This project was initiated by the positron emission tomography–computed tomography working group of the National Cancer Institute's Quantitative Imaging Network. Ten sites participated in the investigation, which took place in 4 phases. In the first phase, a small subset of radiomic features were identified that would make this project feasible to pursue with some depth. In the second phase, radiomic feature values were calculated by participating sites on a set of digital reference objects (DROs) to help identify potential issues. In the third phase, radiomic feature values were calculated by participating sites for identified objects in a small set of patient image data sets [identified lung nodules from the Lung Image Database Consortium (LIDC) data set (18)]. In the fourth phase, an effort was made to specifically harmonize the methodology for calculating one of the more complex radiomic features and to determine if the level of agreement could be improved. Each of these phases is described in more detail in the following sections.
Features Selected and Their Definitions
Investigators involved in the project agreed to identify 9 radiomic features to be investigated for this project. This subset of features was selected to simultaneously keep the number of features to a manageable level for this project while including features from several key categories including morphology (size and shape), intensity, and image texture. The IBSI reference manual (13) was identified as a reference, and feature definitions would be consistent with the definitions and conventions of that resource. Note that where the IBSI reference manual is cited, the section numbers and codes provided are from Version 10.
All features are defined for an identified object whose boundary is the volume of interest (VOI) accompanying each DRO or patient image data set. The 9 specific features selected for analysis were:
Approximate volume (IBSI Section 3.1.2; code YEKZ): This feature is a commonly used size descriptor that counts the number of voxels within an identified object and multiplies by the voxel size in cubic millimeter. Therefore, the volume is expressed in cubic millimeter.

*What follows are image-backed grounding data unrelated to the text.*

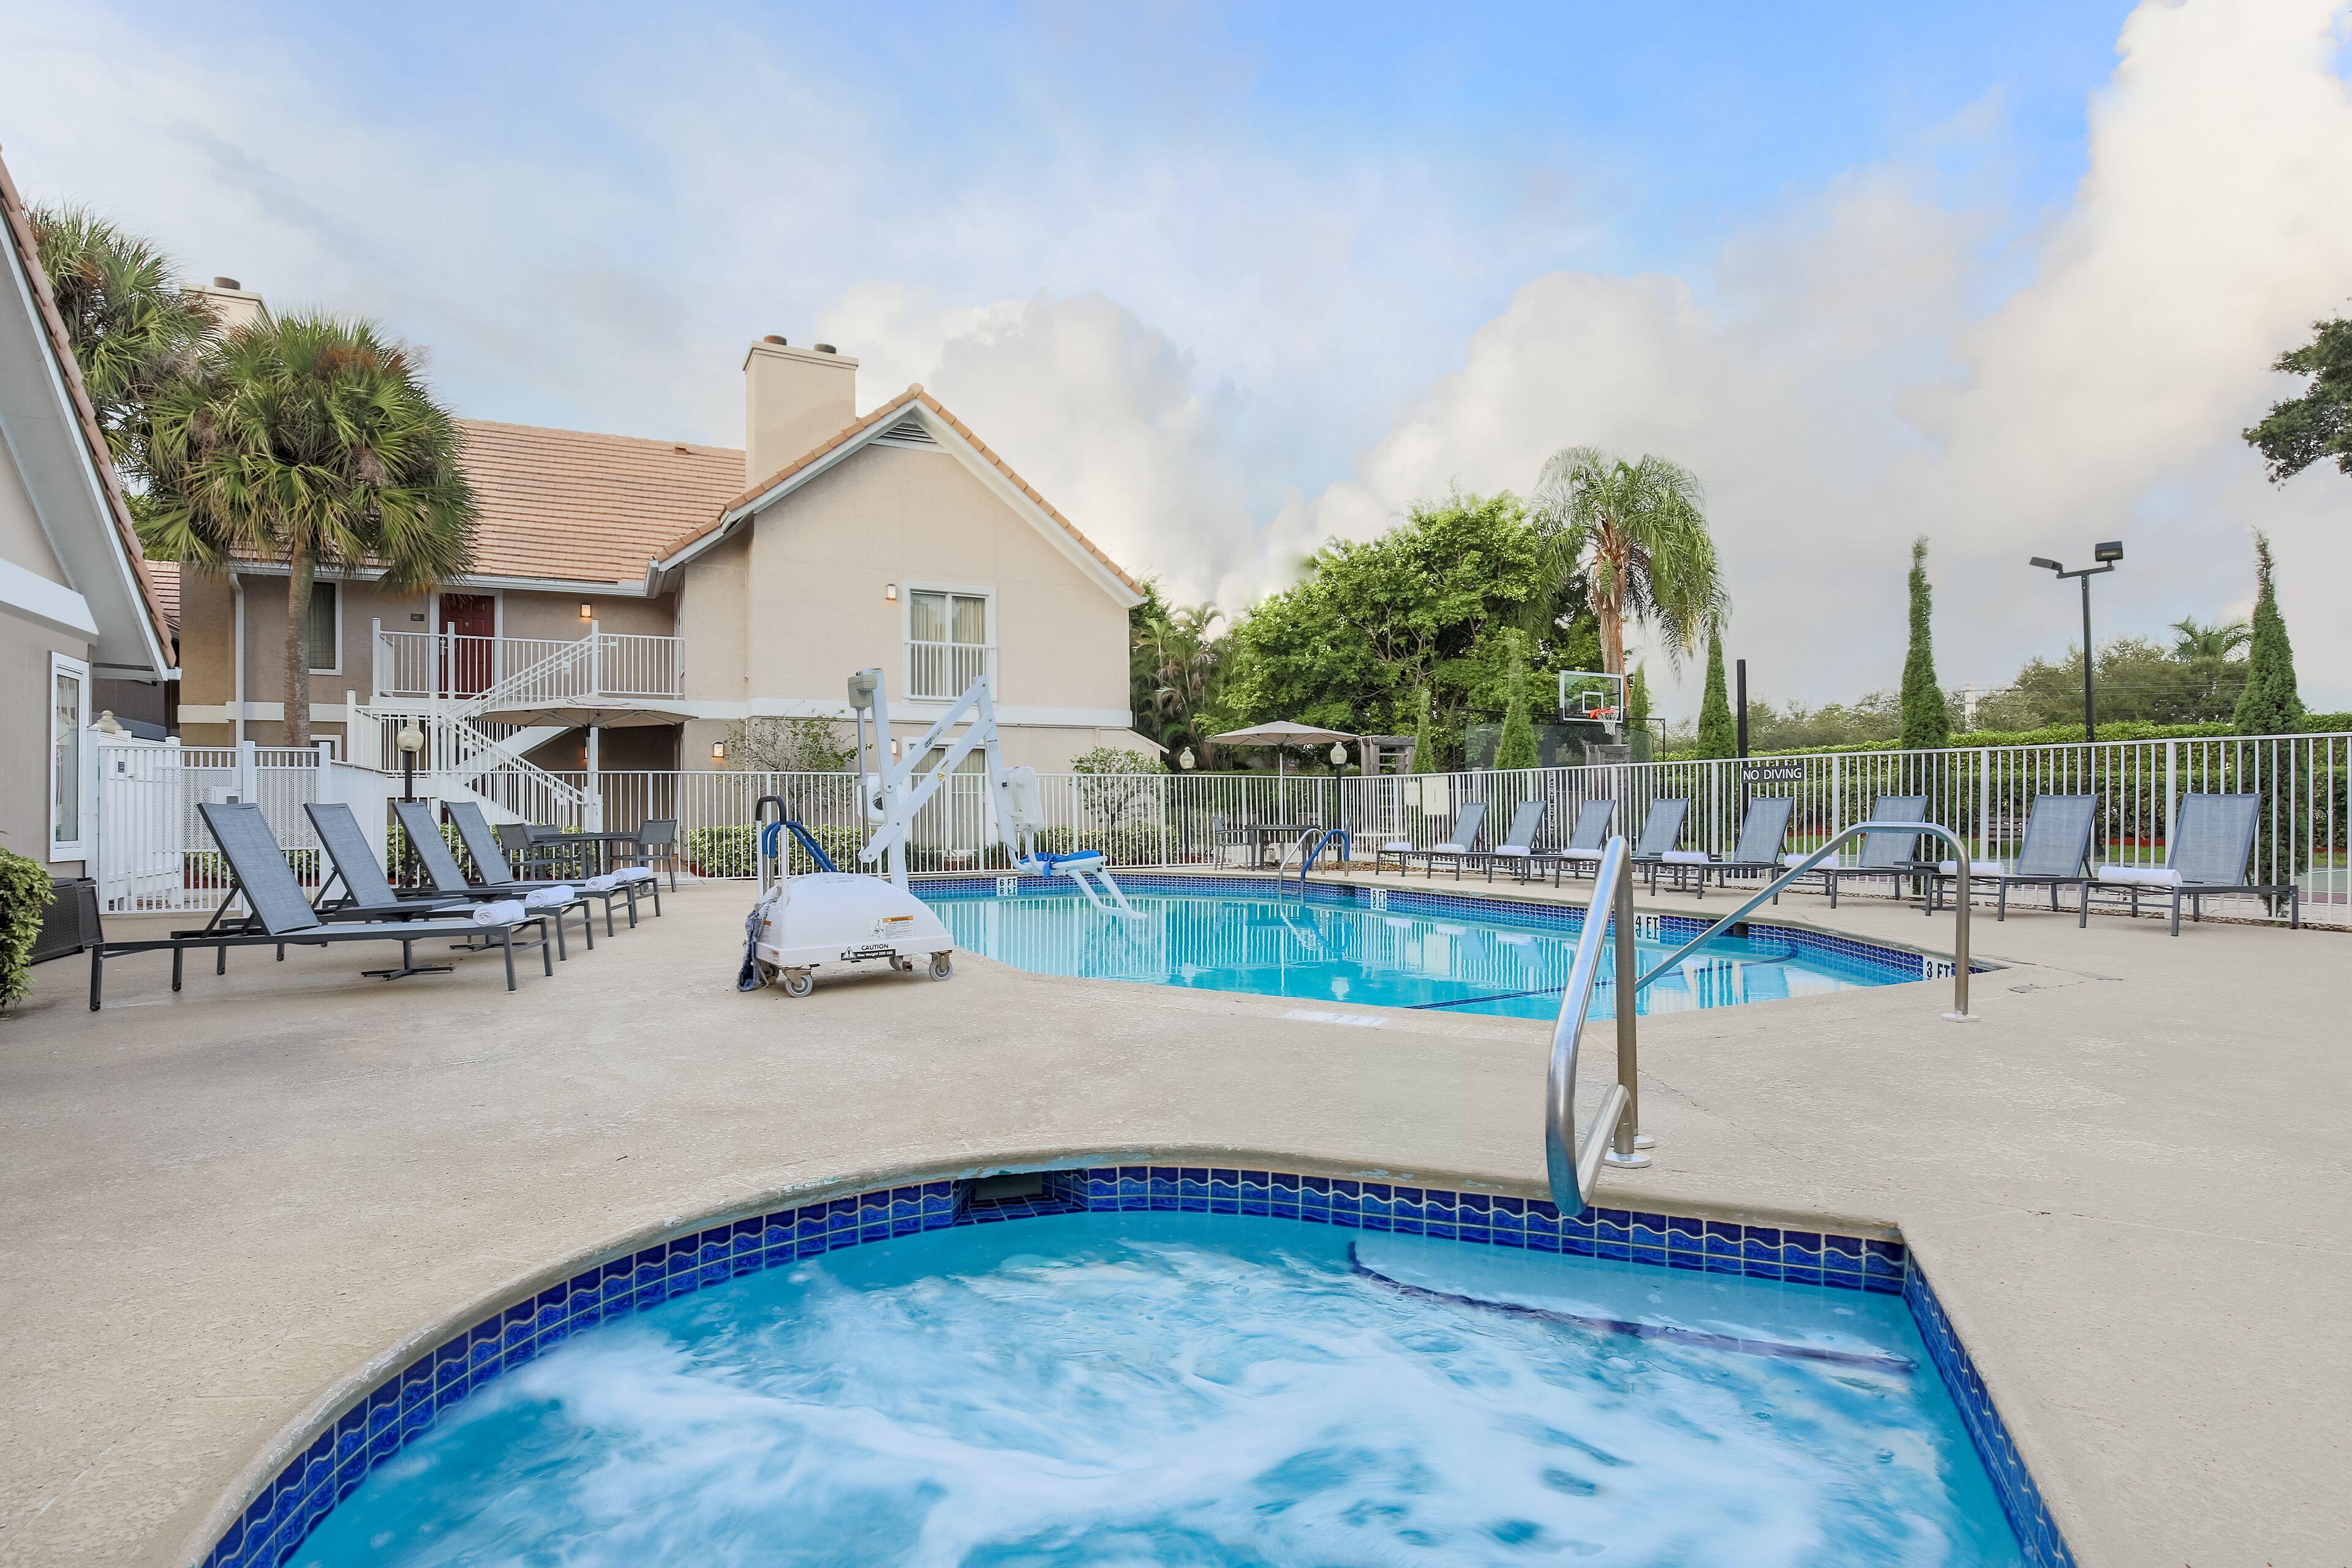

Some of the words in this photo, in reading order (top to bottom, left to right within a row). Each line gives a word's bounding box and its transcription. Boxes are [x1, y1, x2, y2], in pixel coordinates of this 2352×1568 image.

[1743, 769, 1760, 780] NO
[1763, 768, 1802, 779] DIVING
[1373, 890, 1376, 899] 5
[1635, 916, 1642, 927] 4
[1926, 961, 1932, 978] 3
[1937, 963, 1950, 979] FT
[1348, 1016, 1386, 1026] FT
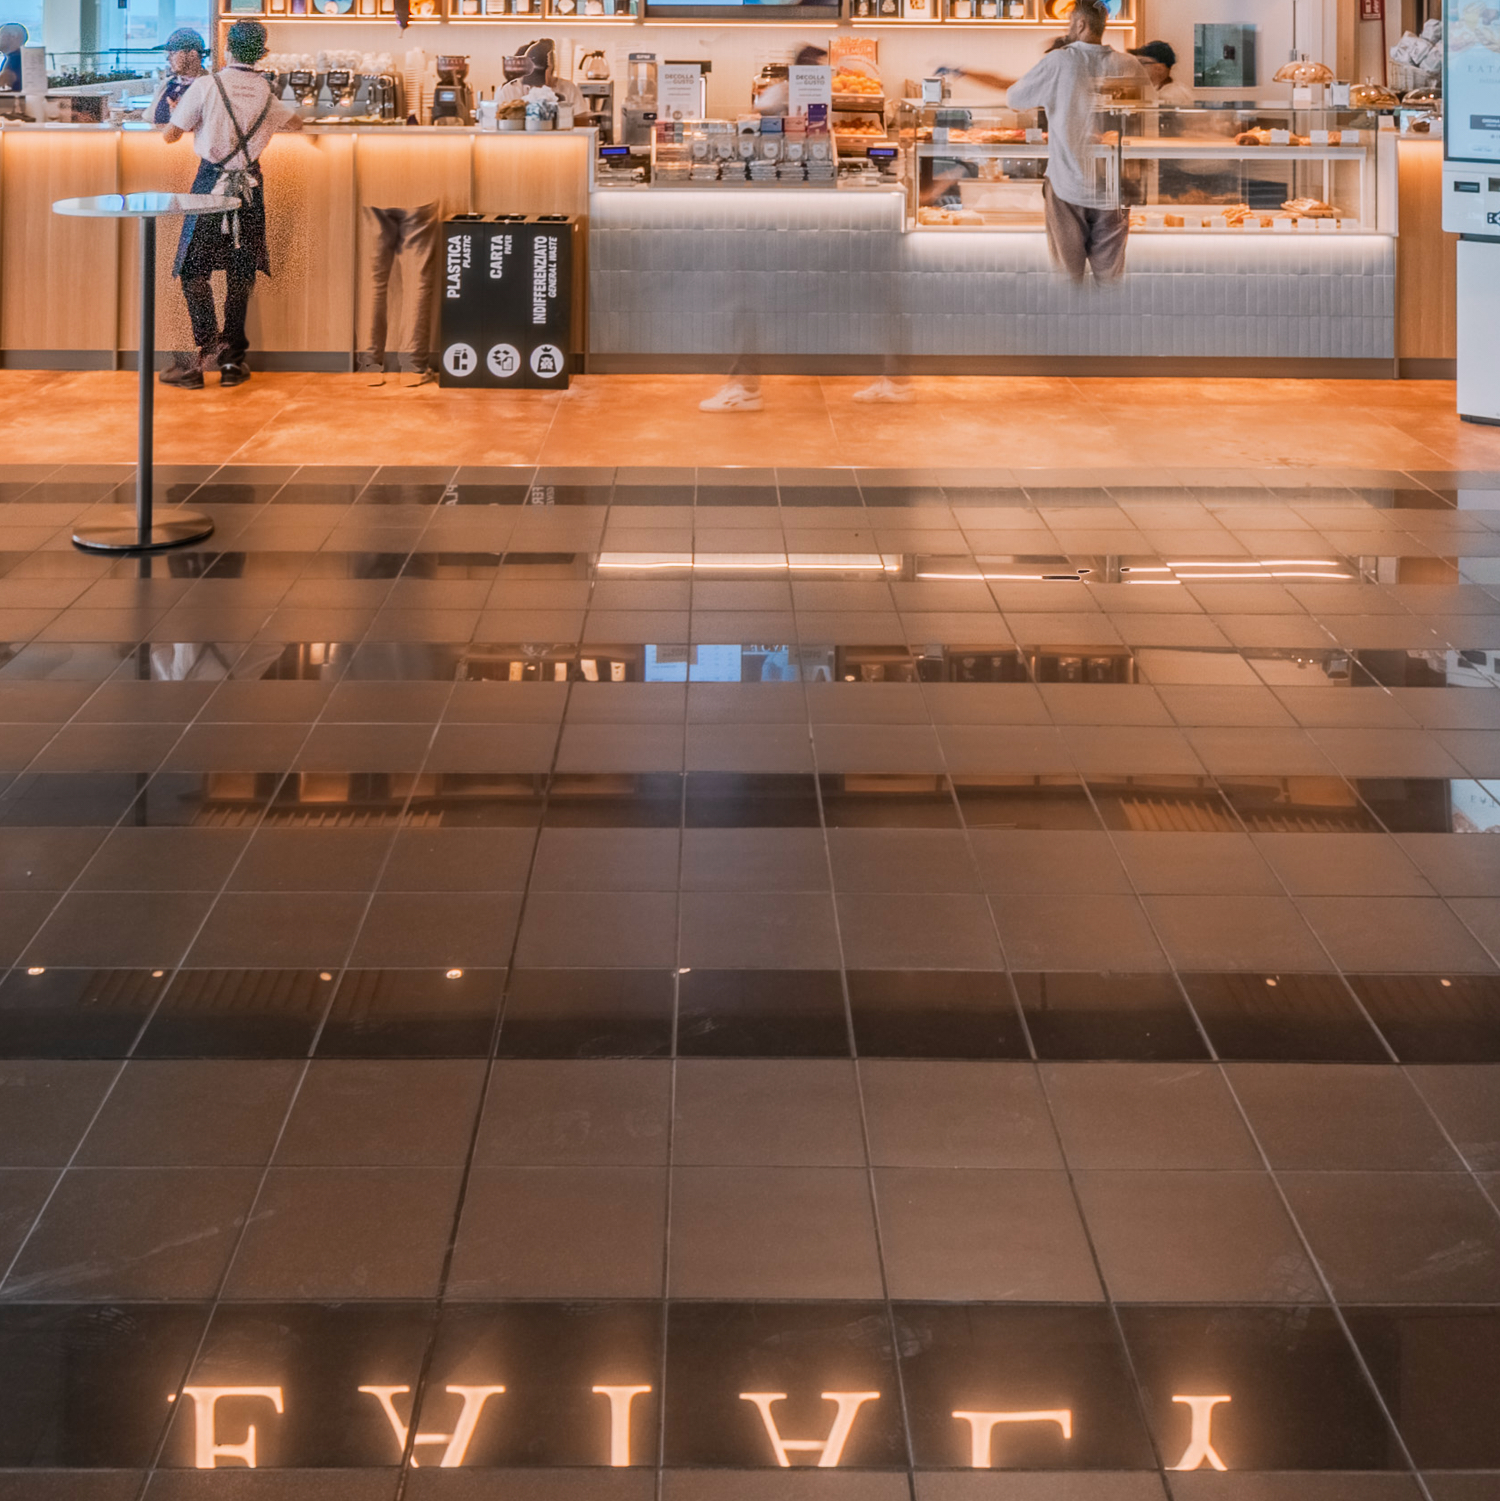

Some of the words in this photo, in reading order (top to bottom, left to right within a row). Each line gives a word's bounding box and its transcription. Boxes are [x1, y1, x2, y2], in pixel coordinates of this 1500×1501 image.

[447, 235, 461, 298] PLASTICA
[463, 235, 472, 268] PLASTIC
[490, 235, 504, 279] CARTA
[533, 236, 548, 324] INDIFFERENZIATO

2D diameter: Although this feature is commonly used in oncology assessments such as RECIST and Lung-RADS (19), it is not described in the IBSI reference manual. For this investigation, we agreed to calculate the diameter in a single axial slice. However, sites were allowed flexibility in both how the slice was selected and in how the longest diameter was calculated. For example, some sites calculated the longest chord from all boundary points on each slice and chose the largest of these as the 2D diameter. Others calculated the longest chord on the slice with the largest area and chose this as the 2D diameter. In all cases, the 2D diameter was specified in millimeter.
3D diameter (IBSI Section 3.1.11, code L0JK): This feature is the distance between the 2 most distant vertices from the set of boundary voxels in the VOI. These vertices are not constrained to lie in the same image plane. In this project, the diameter was specified in millimeter.
Mean intensity (IBSI Section 3.3.1, code Q4LE): This feature is the mean intensity value over the VOI. In this project, because the patient image data sets were computed tomography (CT) scans, and the DROs were scaled apropos to CT scans, the mean intensity was specified in Hounsfield Units (HU).
Standard deviation: This feature is not explicitly defined by the IBSI reference manual; however, it does define the “intensity variance” (Section 3.3.2, code ECT3). In this project, the standard deviation in HU was defined as the square root of the intensity variance.
Kurtosis (IBSI Section 3.3.4, code IPH6). This feature is technically referred to as the excess kurtosis and is based on the fourth moment of the intensity distribution and is used as a measure of peakedness in that intensity distribution. It should be noted that in this definition, kurtosis is corrected by a Fisher correction of −3 to center it on 0 for normal distributions. This feature is dimensionless.
Surface area (IBSI Section 3.1.3, code C0JK): This feature is calculated based on the mesh approach described in IBSI Section 3 and specifically from a VOI mesh defining the surface of the object by summing over the triangular face surface areas (mm2) of the mesh.
Sphericity (IBSI Section 3.1.8, code QCFX): This dimensionless feature describes how sphere-like the volume is. It is based on the ratio between volume (calculated from the mesh used for surface area, not the approximate volume feature used in this study) and surface area.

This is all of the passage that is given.